Homebuilders and buyers rush back in to Bay Area’s exurbs

San Francisco Business Times

From the article:

Less than two months after opening its sales center, Lennar Corp. sold 18 of the 77 new homes in its Cobblestone and Creston Park developments in Mountain House. For its next units at these projects, it will use a lottery system to select from the dozens of people clamoring to buy a house.

Just a few blocks away, Shea Homes has construction crews busily working on three developments that it expects will sell out before the end of the year.

Fellow builders Standard Pacific Homes and Meritage Homes have also restarted activity in Mountain House — more than 60 miles east of San Francisco, just over the border of San Joaquin County.

Homebuilding slowed at the decade-old master-planned community during the recession and foreclosure crisis. Now, with housing prices on the rise again throughout much of the Bay Area, such so-called “exurbs” are back in favor. Cities like Mountain House that sit on the far edges or just outside of the core Bay Area are once again experiencing housing booms. The same is happening in places such as Brentwood, Oakley, Petaluma and Morgan Hill.

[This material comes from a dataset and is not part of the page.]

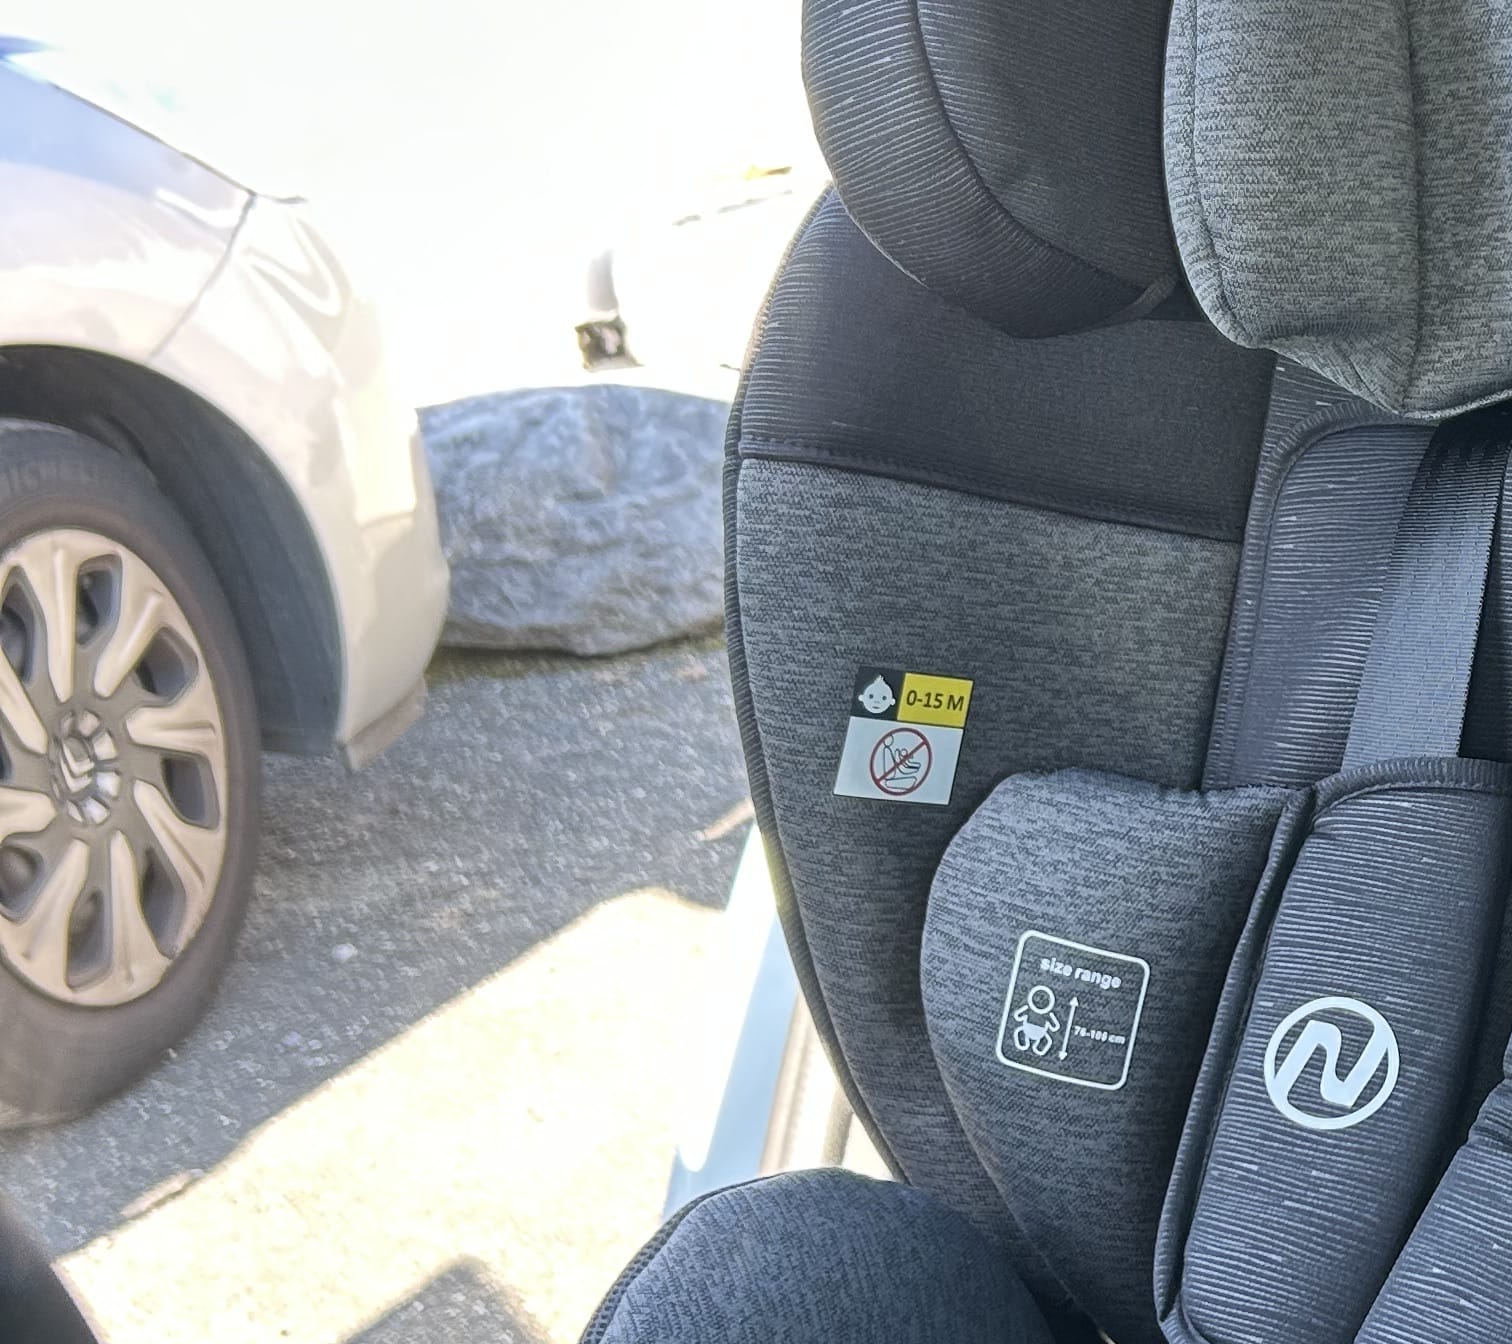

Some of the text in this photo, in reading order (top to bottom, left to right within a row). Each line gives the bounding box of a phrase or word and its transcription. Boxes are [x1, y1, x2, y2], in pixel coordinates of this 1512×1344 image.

“There’s such a shortage of supply in the core Bay Area market and the prices have risen where there is inventory,” said Adam Hieb, vice president for marketing at Shea Homes. “People are willing to sacrifice a little bit of a commute.”

The scenario feels familiar: buyers wanting single-family homes, lower prices and willing to commute longer than an hour — or two — in many cases. It is a logical outcome of living in one of the most expensive real estate markets in the country: Some buyers compromise location for lifestyle — and to live within their means.